Sabala destaca que a manifestação é em defesa de que as mulheres possam tomar decisões informadas sobre o parto, com base em premissas da Organização Mundial de Saúde (OMS). 

"O parto cesárea é indicado pela OMS apenas em casos extremados, em situações em que o parto normal traria riscos à mulher, mas no Brasil isso nao é respeitado. A gente tá querendo dizer que tem procedimentos aplicados de rotina, enquanto existem evidências médicas hoje que apontam a sua desnecessidade. Apenas deveriam ser aplicados com a decisão informada. É sobre protagonismo da mulher."

Em Recife (PE), as manifestantes de reuníram na Praça do Derby. “A gente tem profissionais que estão sendo perseguidos porque simplesmente querem fazer o seu trabalho da forma certa, respeitando o direito daquela pessoa gestante a parir da forma que ela decidiu parir. Quando a gente fala do parto humanizado, é um conjunto de ações que a gente precisa ir pra rua pra poder defendê-lo.”

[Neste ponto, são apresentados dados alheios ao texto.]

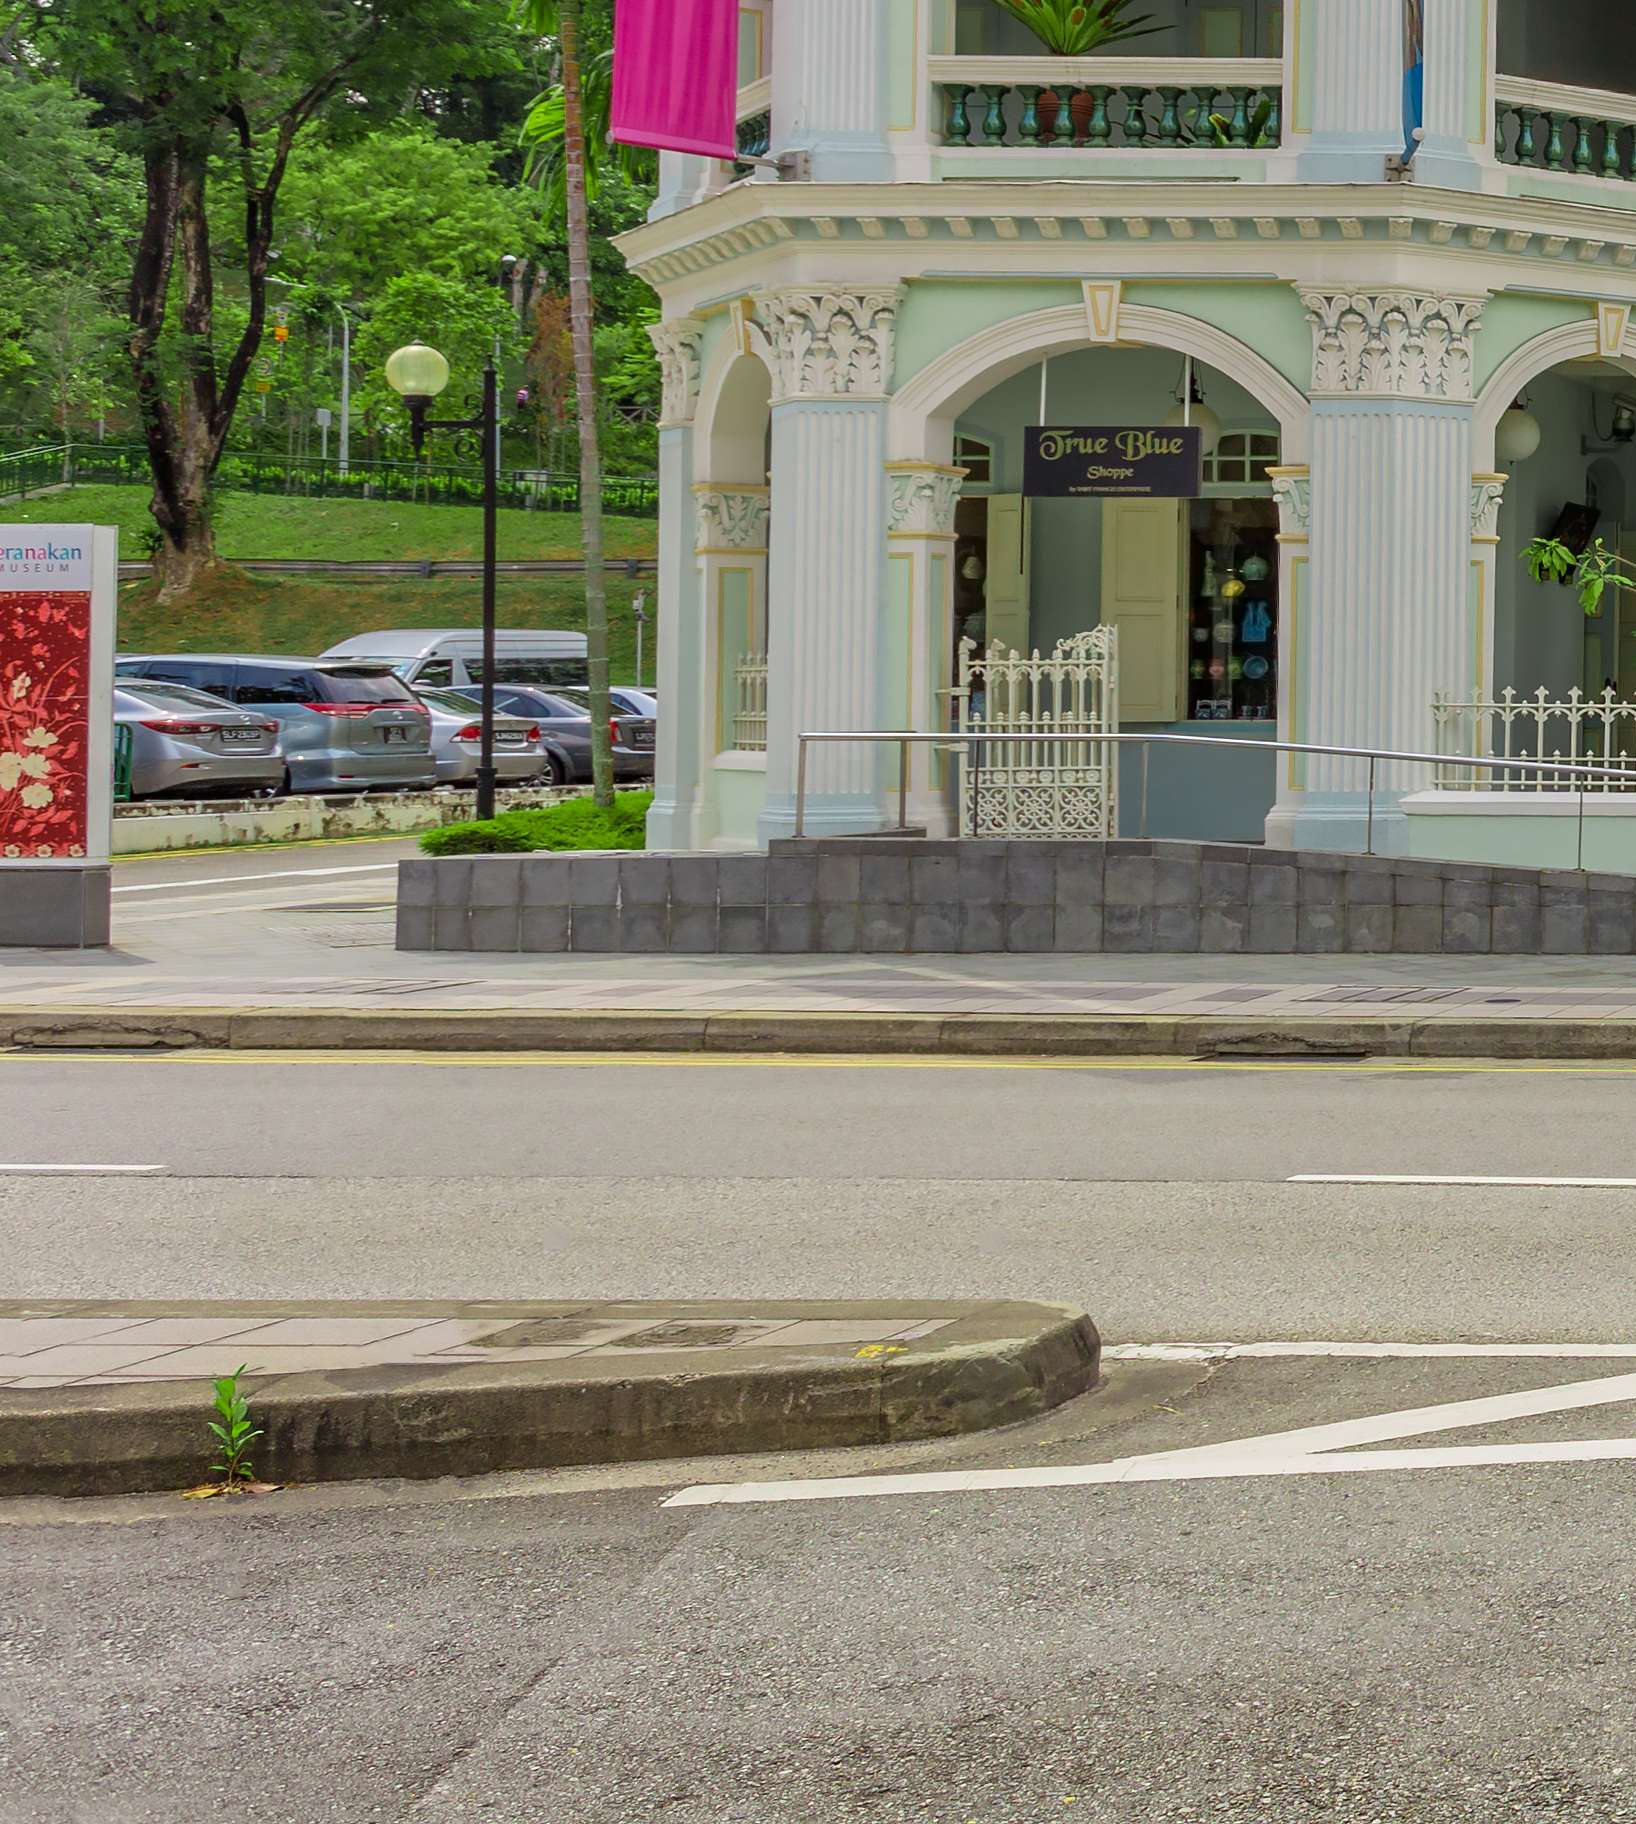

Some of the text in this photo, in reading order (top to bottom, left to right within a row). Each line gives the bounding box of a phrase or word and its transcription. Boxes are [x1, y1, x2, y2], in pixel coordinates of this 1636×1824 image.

[1040, 430, 1184, 461] True Blue
[1087, 465, 1135, 480] Shoppe

"Porque não existem ainda as casas de parto, porque os gestores não investem nisso? Simplesmente por causa do capitalismo", afirma Adriane da Silva Soares, conhecida como Adriane Quilombola, da comunidade Furnas de Boa Sorte, da Rede Feminista de Saúde e presidente do Instituto Sociocultural Dandara, que representa as comunidades quilombolas de Mato Grosso do Sul.


Adriane Quilombola (esq.) segura faixa durante manifestação em Campo Grande (MS) / Jéssica Antunes

"A gente precisa ter as casas de parto e elas não são de interesse da gestão. Porque a gestão pensa em lucro e o que dá lucro é o parto cesariana, que não é um parto humanizado, não é um parto acompanhado por doulas, por familiares, por parteiras. Eu, mulher, tenho o direito de escolher como eu quero ter filho, não o capitalismo", acrescenta. 

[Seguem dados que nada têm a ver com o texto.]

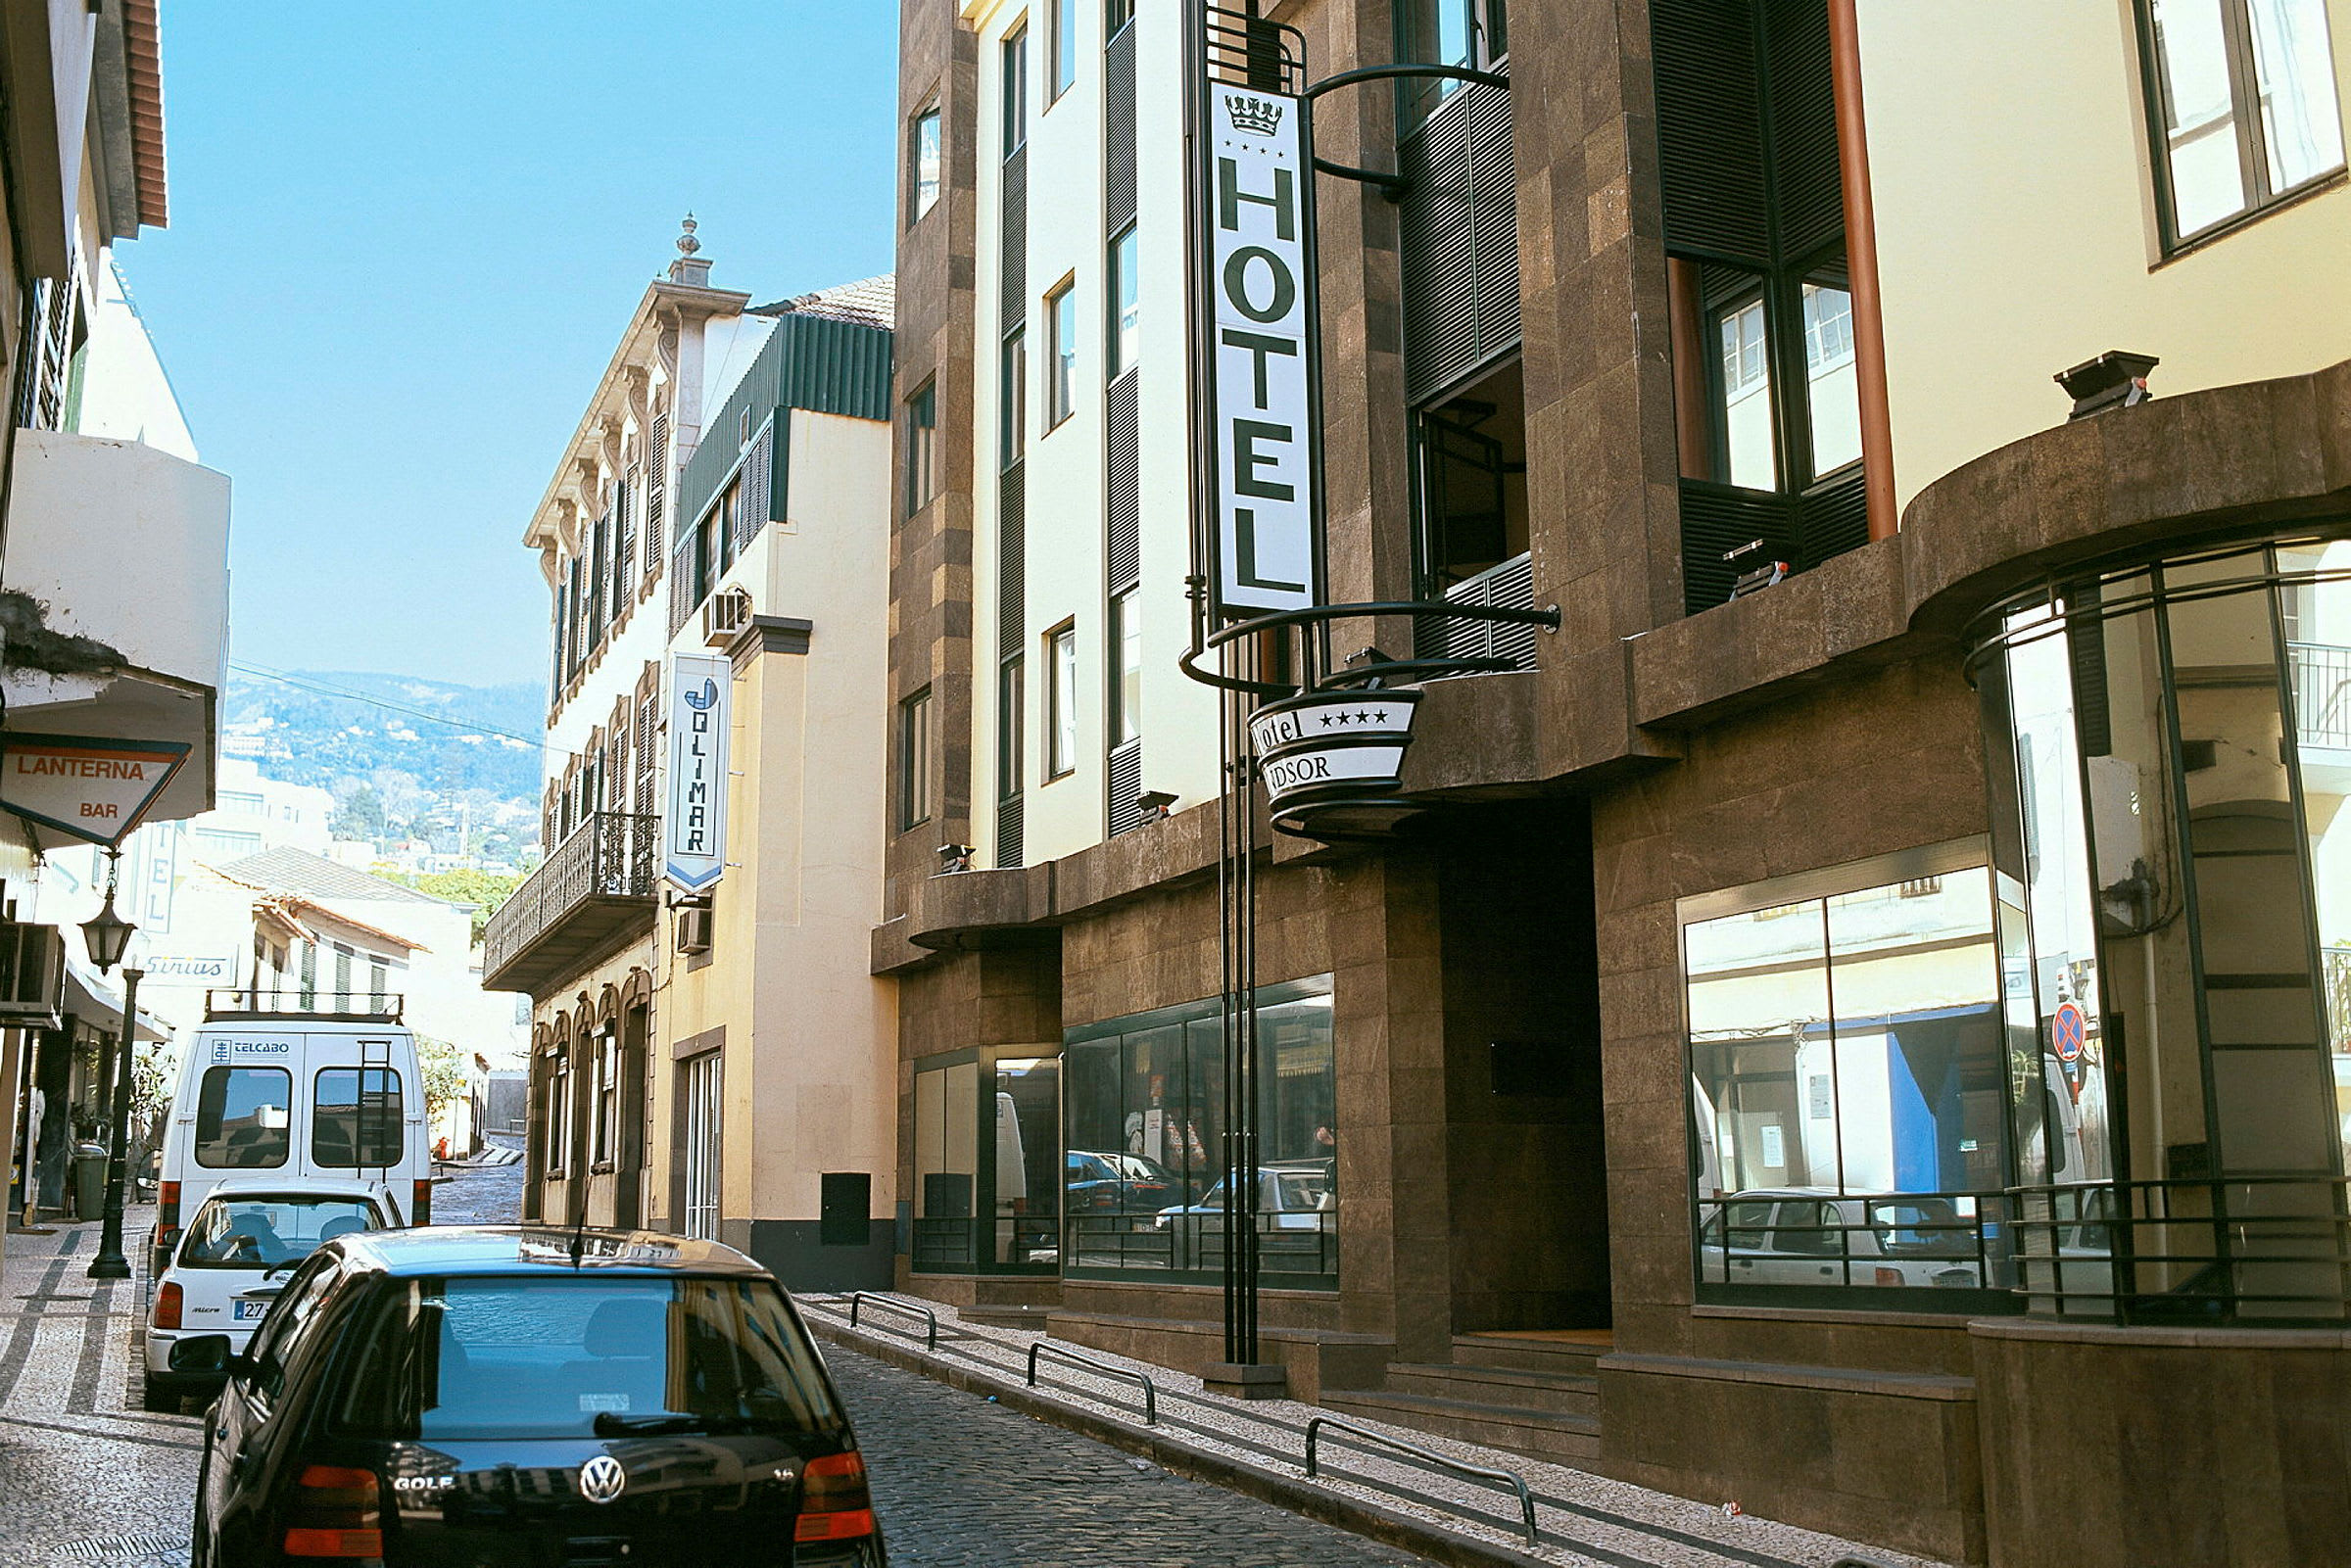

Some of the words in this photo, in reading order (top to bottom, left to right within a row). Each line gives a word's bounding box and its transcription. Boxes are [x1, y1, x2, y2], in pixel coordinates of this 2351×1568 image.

A reportagem não conseguiu entrar em contato com o Cremerj até o momento desta publicação, mas o espaço segue aberto para manifestação do Conselho.

Lei das doulas

Uma pauta nacional que reverberou nos atos em todo o país foi a defesa do PL 3946/2021, que regulamenta a profissão de doula.

"Nós já existimos como categoria, já estamos organizadas em 18 associações filiadas à Federação Nacional de Doulas do Brasil. E estamos em busca da aprovação desse projeto, porque vários estudos reconhecem que a presença de doulas durante todo o processo de gestação, parto e pós parto se mostra fundamental na garantia de um apoio físico, emocional e informativo à gestante, que vai corroborar para que elas tenham uma experiência de parto positiva", disse Gabriela Santoro, presidente da Associação de Doulas do Rio de Janeiro.

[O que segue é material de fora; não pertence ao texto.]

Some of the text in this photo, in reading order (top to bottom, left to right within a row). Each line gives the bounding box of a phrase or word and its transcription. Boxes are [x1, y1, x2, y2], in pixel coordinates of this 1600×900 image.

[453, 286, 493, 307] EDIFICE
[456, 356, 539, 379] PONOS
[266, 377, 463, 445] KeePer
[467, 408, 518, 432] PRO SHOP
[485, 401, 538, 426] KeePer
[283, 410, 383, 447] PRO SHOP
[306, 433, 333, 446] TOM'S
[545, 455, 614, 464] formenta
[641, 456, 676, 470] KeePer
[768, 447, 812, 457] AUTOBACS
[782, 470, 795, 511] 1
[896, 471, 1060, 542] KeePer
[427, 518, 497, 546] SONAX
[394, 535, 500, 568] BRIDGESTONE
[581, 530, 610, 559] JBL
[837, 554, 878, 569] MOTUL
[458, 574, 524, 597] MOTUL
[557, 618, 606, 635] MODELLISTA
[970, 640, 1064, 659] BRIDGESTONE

A coordenadora do Nudem - MS, Zeliana Sabala, ressalta a importância da aprovação do PL 3946/2021, para que as mulheres que o serviço das doulas possa ser incorporado ao SUS e dessa forma se tornar acessível tamém para as mulheres de baixa renda.

"Hoje a doula é um profissional importante, mas que só quem pode pagar tem acesso, por isso a importância de regulamentar, pra que a doula possa ser um serviço público institucionalizado no SUS."

Manifestação pede Centro de Parto Normal em Campo Grande (MS)

As pautas locais também ganharam espaço, como a criação de um Centro de Parto Normal vinculado ao Sistema Único de Saúde (SUS) em Campo Grande (MS).

"Já nos comprometemos a mandar emenda pra ajudar nessa construção e instalação aqui em Campo Grande, o governo Lula abriu um edital para que o estado e o município cadastrassem para conseguir ter esse acesso. E no Congresso Nacional a gente vai estar junto com vocês pra aprovar a Lei de Doulas, para que elas possam atender no SUS também", defendeu a deputada federal Camila Jara (PT/MS).

"Pode parecer óbvio, mas  muitas mulheres não sabem que têm o direito de escolher como elas querem ter seus filhos. E mais que isso, que elas têm o direito de ter os seus filhos em um ambiente acolhedor, com amor, e que não seja um ambiente hospitalar. Não podemos tratar o nascimento como se fosse algo parecido com uma doença", completou a deputada.

Raissa Machinsky, que integra a Associação Matria e o Coletivo Desde a Raiz, aponta que a ideia de trazer esse ato pra Campo Grande surgiu da necessidade de defender o direito de nascer, "uma das necessidades mais básicas da humanidade". "Desde que a humanidade é humanidade, a mulher gesta, pare e cuida. E até hoje nenhum Estdo e nenhuma nação deu o básico pra que isso seja feito com dignidade e respeito, tanto pra mãe, quanto pro bebê."